Blog
06.09.2022

Matillion ETL Job Performance Analysis and Tuning

It is common to build large, sophisticated Matillion ETL Orchestration Jobs that perform a lot of work. One example might be a “Daily ETL” job that launches many other jobs during a batch window.

The job performance analysis and tuning presented in this document is aimed at large, single Matillion ETL jobs that contain a lot of components, and that do a lot of data processing. Over time, it is natural for such workloads to take longer and longer to finish, as volumes increase and the data itself evolves.

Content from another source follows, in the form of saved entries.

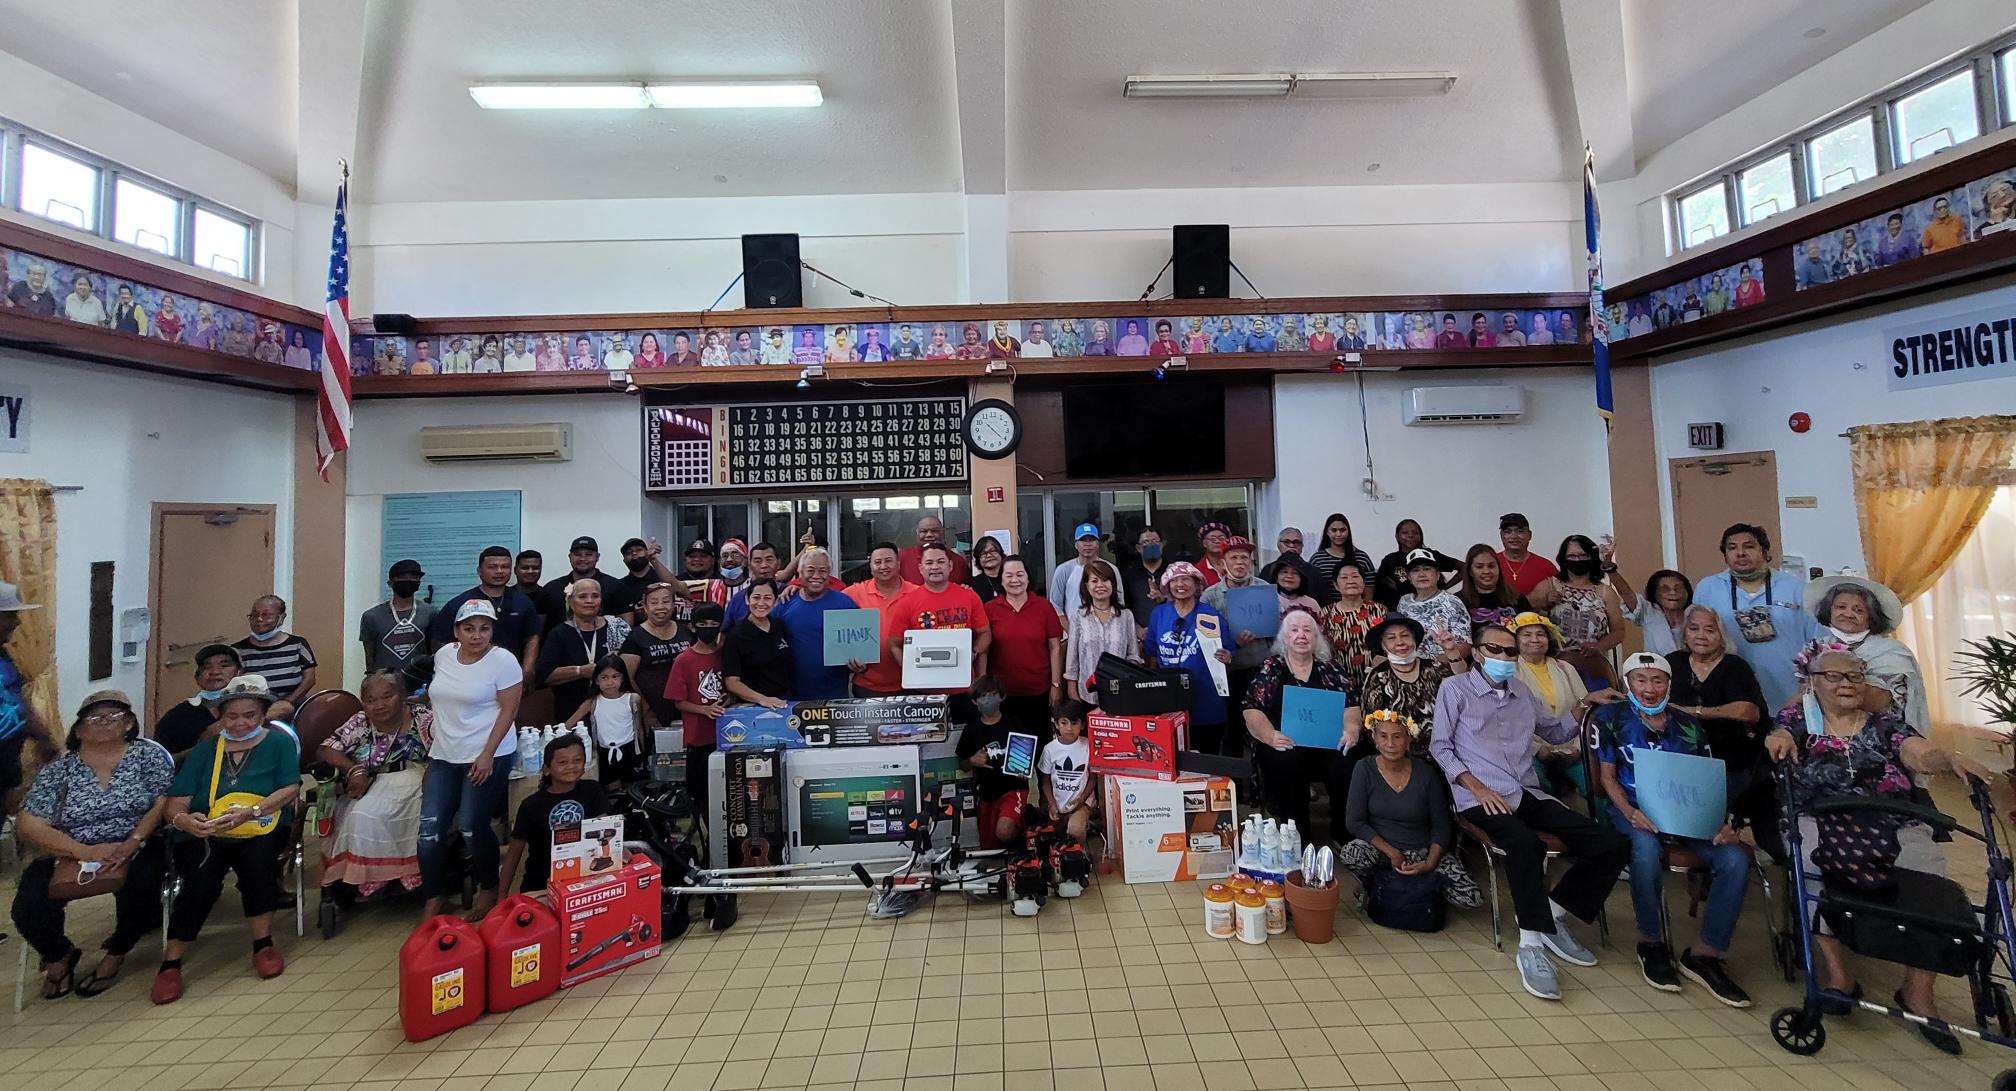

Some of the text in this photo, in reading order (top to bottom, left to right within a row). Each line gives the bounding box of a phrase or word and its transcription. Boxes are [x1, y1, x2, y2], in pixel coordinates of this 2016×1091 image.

[1893, 317, 2016, 378] STRENGT
[736, 403, 959, 421] 1 2 3 4 5 6 7 8 9 10 11 12 13 14 15
[734, 418, 960, 436] 16 17 18 19 20 21 22 23 24 25 26 27 28 29 30
[1691, 426, 1712, 446] EXIT
[734, 433, 961, 452] 31 32 33 34 35 36 37 38 39 40 41 42 43 44 45
[733, 448, 961, 467] 46 47 48 49 50 51 52 53 54 55 56 57 58 59 60
[734, 464, 962, 483] 61 62 63 64 65 66 67 68 69 70 71 72 73 74 75
[650, 649, 669, 657] WITH
[802, 706, 945, 721] ONE Touch Instant Canopy
[1092, 719, 1128, 728] CRAFTSMAN
[1163, 837, 1168, 845] 6
[569, 886, 623, 908] CRAFTSMAN

To tune a Matillion job, start with the Task History Profiler Shared Job to understand which parts took the longest time to run, and how much ran in parallel.

Prerequisites

The prerequisites for Matillion ETL Job Performance Analysis and Tuning are:

Access to Matillion ETL
Access to the Matillion Exchange to download the Task History Profiler Shared Job
A Matillion ETL user with API privilege
A Matillion ETL job that has finished running, and that appears in the Task History

From the Matillion ETL user interface, follow Project/Task History to obtain the Task History ID of the job you intend to analyze. In the example below the highlighted job took 15 minutes 24 seconds to run, which makes it an interesting candidate for analysis. Its ID is 14883.

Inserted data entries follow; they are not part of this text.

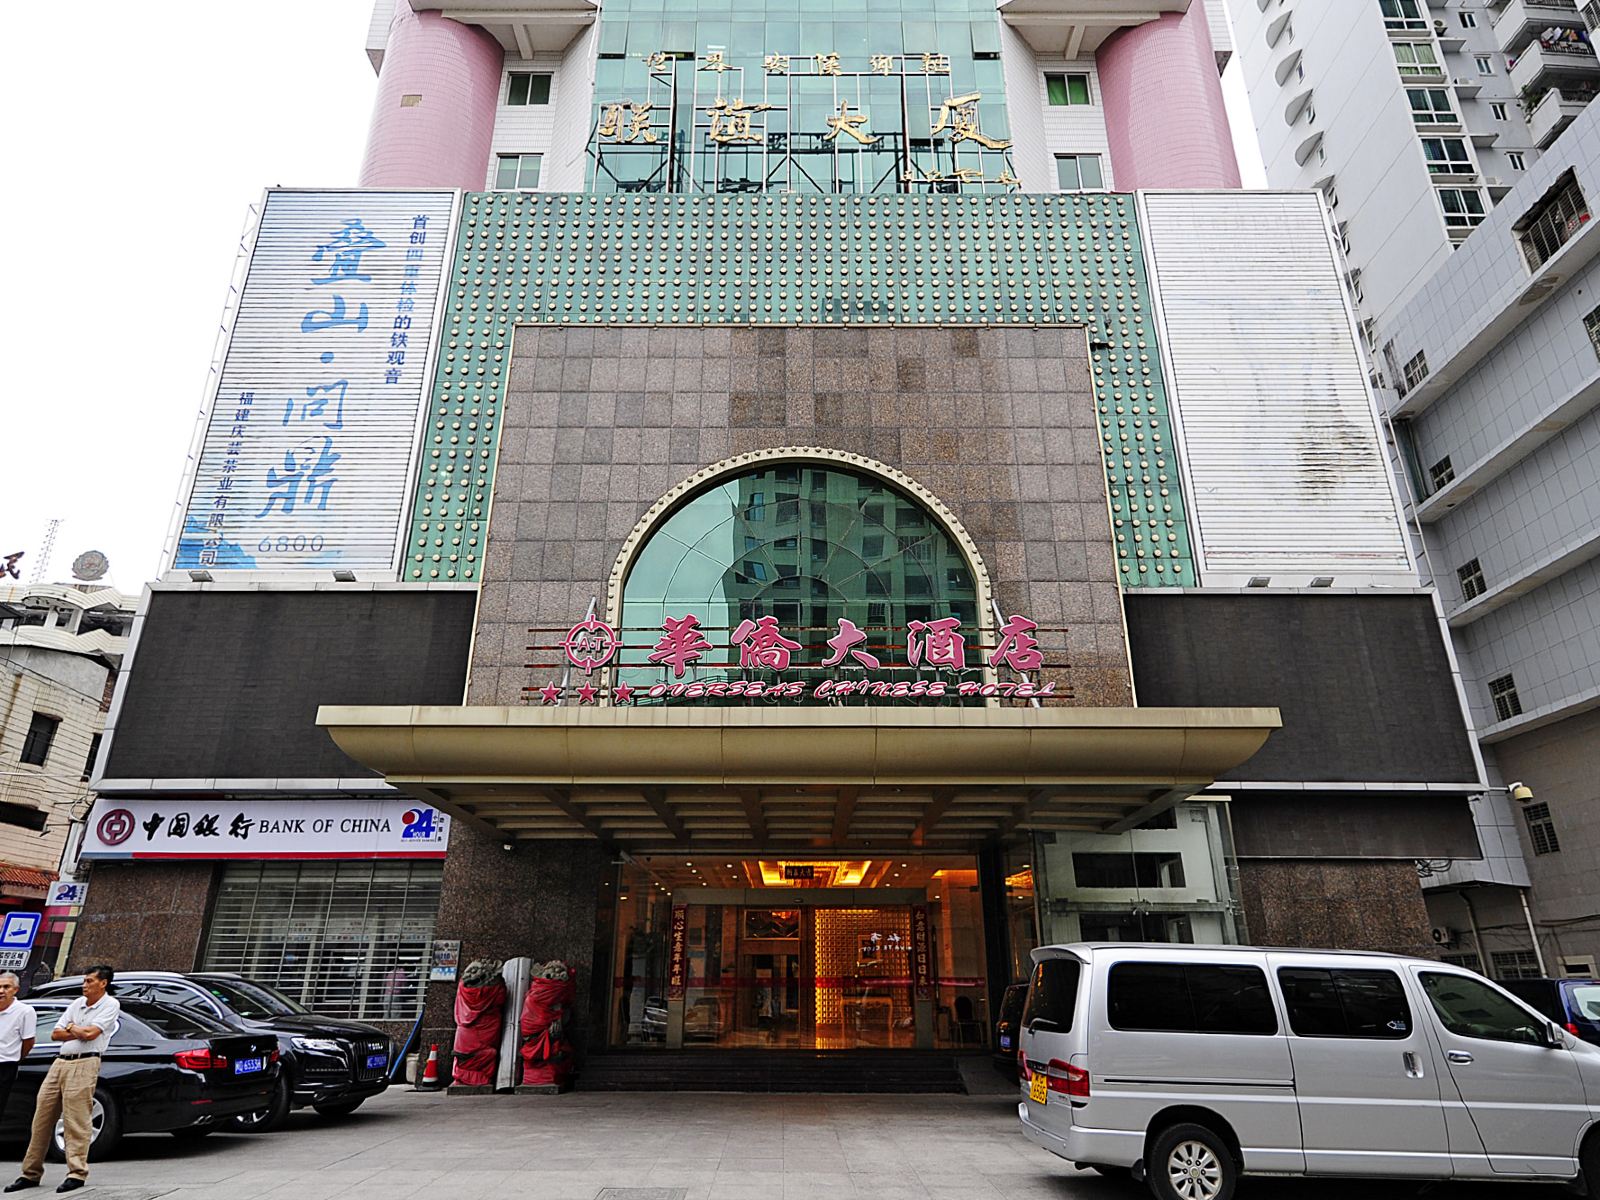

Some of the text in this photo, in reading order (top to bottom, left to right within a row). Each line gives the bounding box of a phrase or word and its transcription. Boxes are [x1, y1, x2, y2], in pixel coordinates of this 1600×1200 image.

[385, 214, 430, 385] 首创四重体检的铁观音
[258, 534, 325, 553] 6800
[647, 613, 1044, 678] 華僑大酒店
[648, 679, 1056, 699] OVERSEAS CHINESE HOTEL
[143, 812, 256, 841] 中国银行
[258, 818, 392, 834] BANK OF CHINA
[402, 808, 436, 839] 24
[56, 884, 78, 901] 24

Matillion ETL Task History

Every Matillion ETL Orchestration Job run is made up of Tasks.

Some Tasks just launch other Tasks. These are known as Parent Tasks, and are colored orange in the representation below.
Some Tasks perform work themselves. These are the components that can be tuned. They are known as Child Tasks (or Leaf Tasks, or “Threads”), and are colored light blue.

The amount of parallelism is the number of Child Tasks that were running simultaneously at a point in time.

At t1, three Child Tasks were running in parallel – a thread count of three
At t2, there were two Child Tasks running in parallel
At t3, there was only one

The Task History Profiler Shared Job shows:

How much parallelism was obtained, sampled at regular intervals
Which Child Tasks took the longest time to complete

How to use the Task History Profiler Shared Job

Start at the Matillion Exchange to download and install the Task History Profiler Shared Job. Afterwards you should see it listed under Project > Manage Shared Jobs.

To use the Task History Profiler Shared Job, drag it onto the canvas of a newly created Orchestration Job, and complete the properties.

ID from the Task History – set to the value you chose from the Task History, for example 14883
API User Name – your Matillion ETL user, which must have API privilege
API User Password – the password for that user

To do the performance analysis, just run the job. After it has finished, click the text in the Tasks panel to view the full output.

The Task History Profiler writes a text report. It includes:

Date, time and version
The Task History ID being profiled
The REST API endpoint used to get the Task History
The current vCPU count of your Matillion ETL instance
Total elapsed time of the job being profiled
Parallelism analysis (see below)
Task and Component analysis (see below)

Interpreting the parallelism analysis

Parallelism is the count of how many Child Tasks were running simultaneously.

Jobs that ran for over 10 seconds are sampled once per second – every 1000 ms
Jobs that ran for less than that are sampled every 100 ms

A job that ran for 15 minutes 24 seconds will be profiled (15 x 60) + 24 times, plus once at time zero – 925 points in total.

The parallelism analysis report is a histogram showing how many times each degree of parallelism between 0 and 16 was found. Values greater than 16 are recorded in the bucket of 16.

In the example above, at most of the sampling points, either one or four Child Tasks were running simultaneously. The average parallelism is calculated at 2.26.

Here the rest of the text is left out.